** Given records follows **
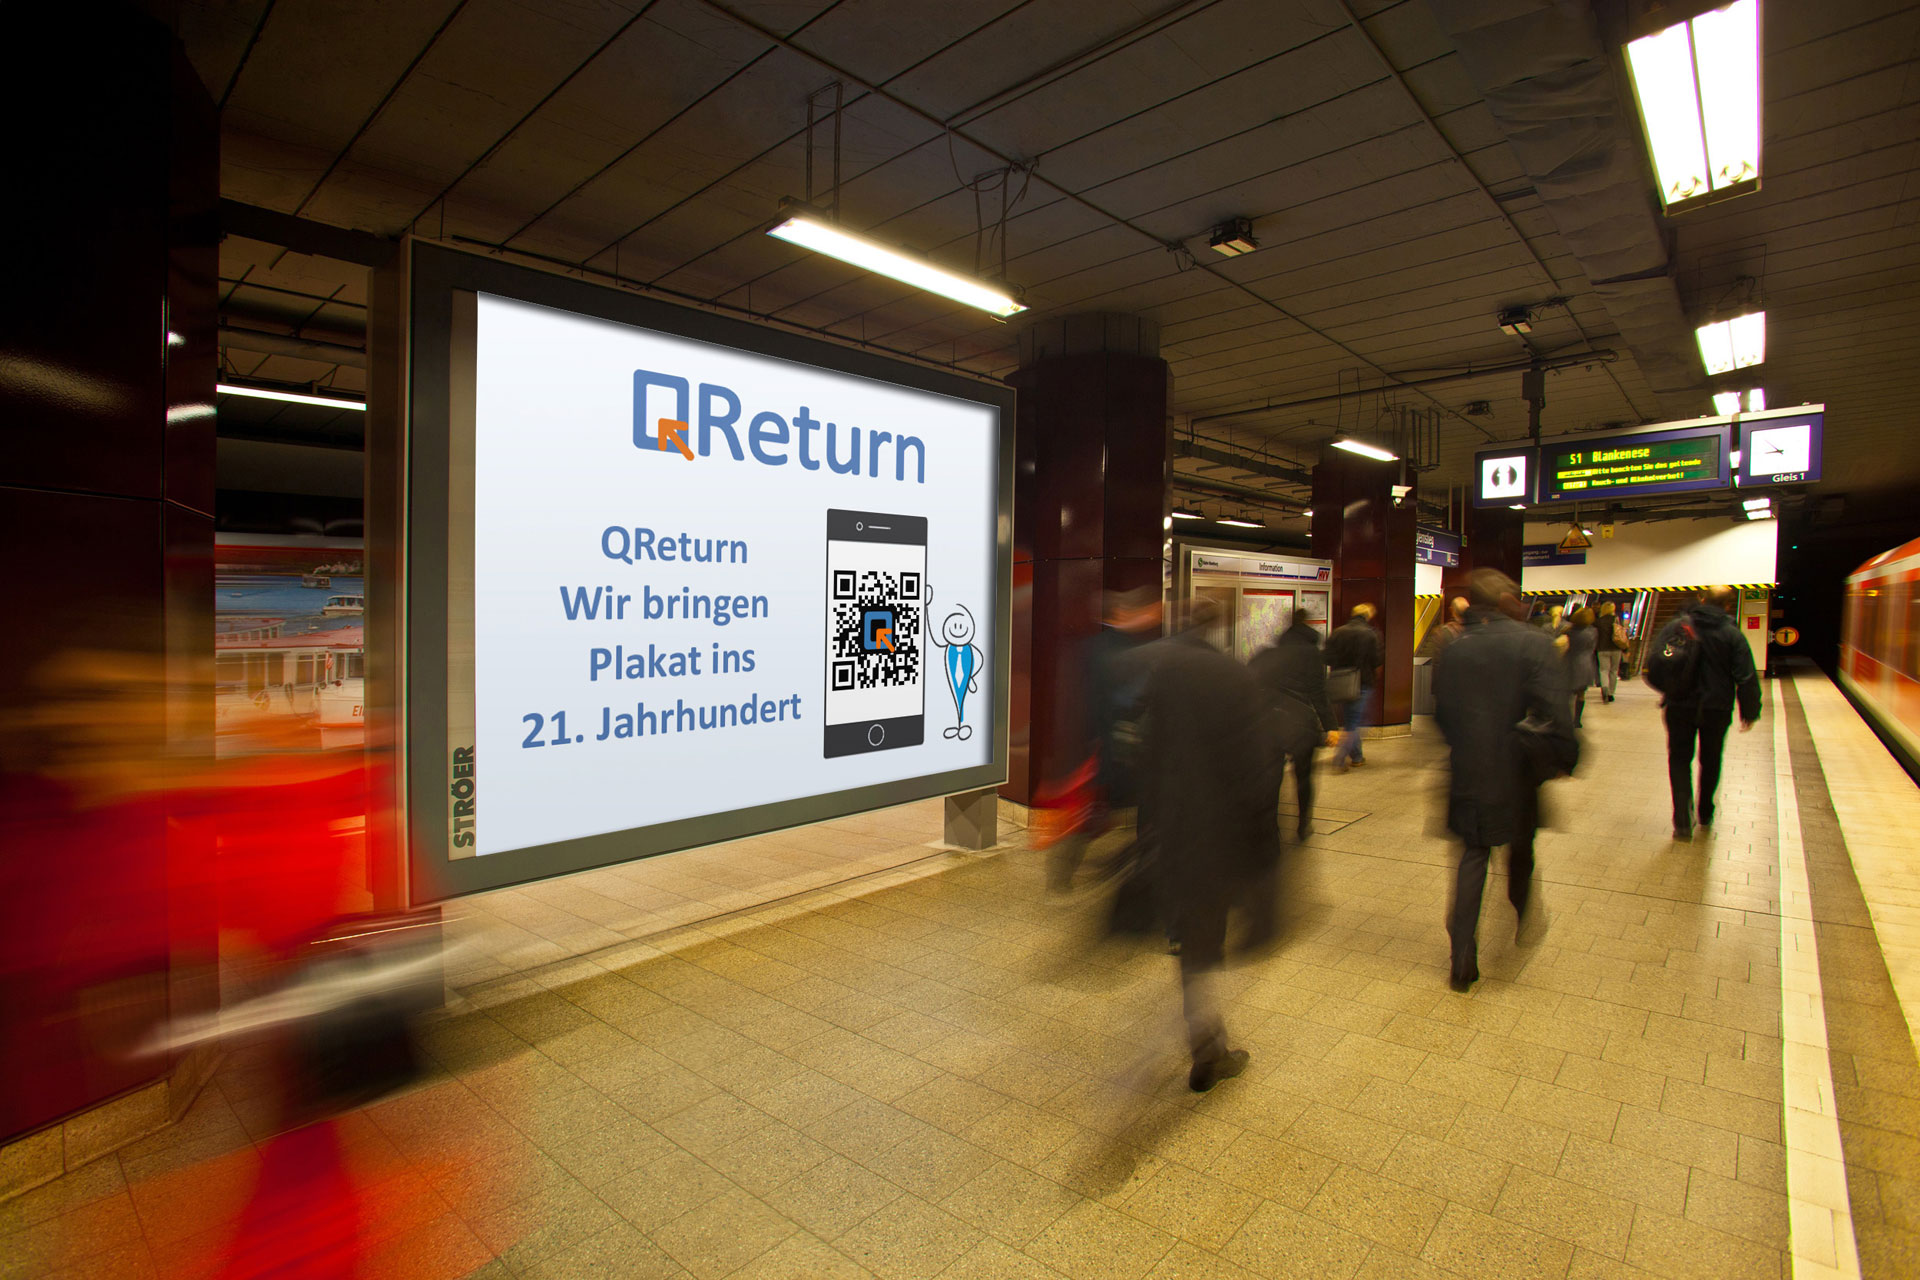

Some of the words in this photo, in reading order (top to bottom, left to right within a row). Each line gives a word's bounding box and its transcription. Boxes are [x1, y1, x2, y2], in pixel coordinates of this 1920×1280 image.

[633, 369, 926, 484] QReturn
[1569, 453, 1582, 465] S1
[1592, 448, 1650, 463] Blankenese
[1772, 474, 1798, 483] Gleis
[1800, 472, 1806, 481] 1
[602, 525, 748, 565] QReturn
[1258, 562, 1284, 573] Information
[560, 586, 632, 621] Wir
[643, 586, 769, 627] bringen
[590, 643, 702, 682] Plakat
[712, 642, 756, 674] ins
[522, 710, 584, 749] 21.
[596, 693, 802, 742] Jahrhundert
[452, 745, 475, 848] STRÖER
** End of Given records **
» **The problem**
Reproduce the entries above exactly. Do not include the images.

» **Expected answer**
Some of the words in this photo, in reading order (top to bottom, left to right within a row). Each line gives a word's bounding box and its transcription. Boxes are [x1, y1, x2, y2], in pixel coordinates of this 1920×1280 image.

[633, 369, 926, 484] QReturn
[1569, 453, 1582, 465] S1
[1592, 448, 1650, 463] Blankenese
[1772, 474, 1798, 483] Gleis
[1800, 472, 1806, 481] 1
[602, 525, 748, 565] QReturn
[1258, 562, 1284, 573] Information
[560, 586, 632, 621] Wir
[643, 586, 769, 627] bringen
[590, 643, 702, 682] Plakat
[712, 642, 756, 674] ins
[522, 710, 584, 749] 21.
[596, 693, 802, 742] Jahrhundert
[452, 745, 475, 848] STRÖER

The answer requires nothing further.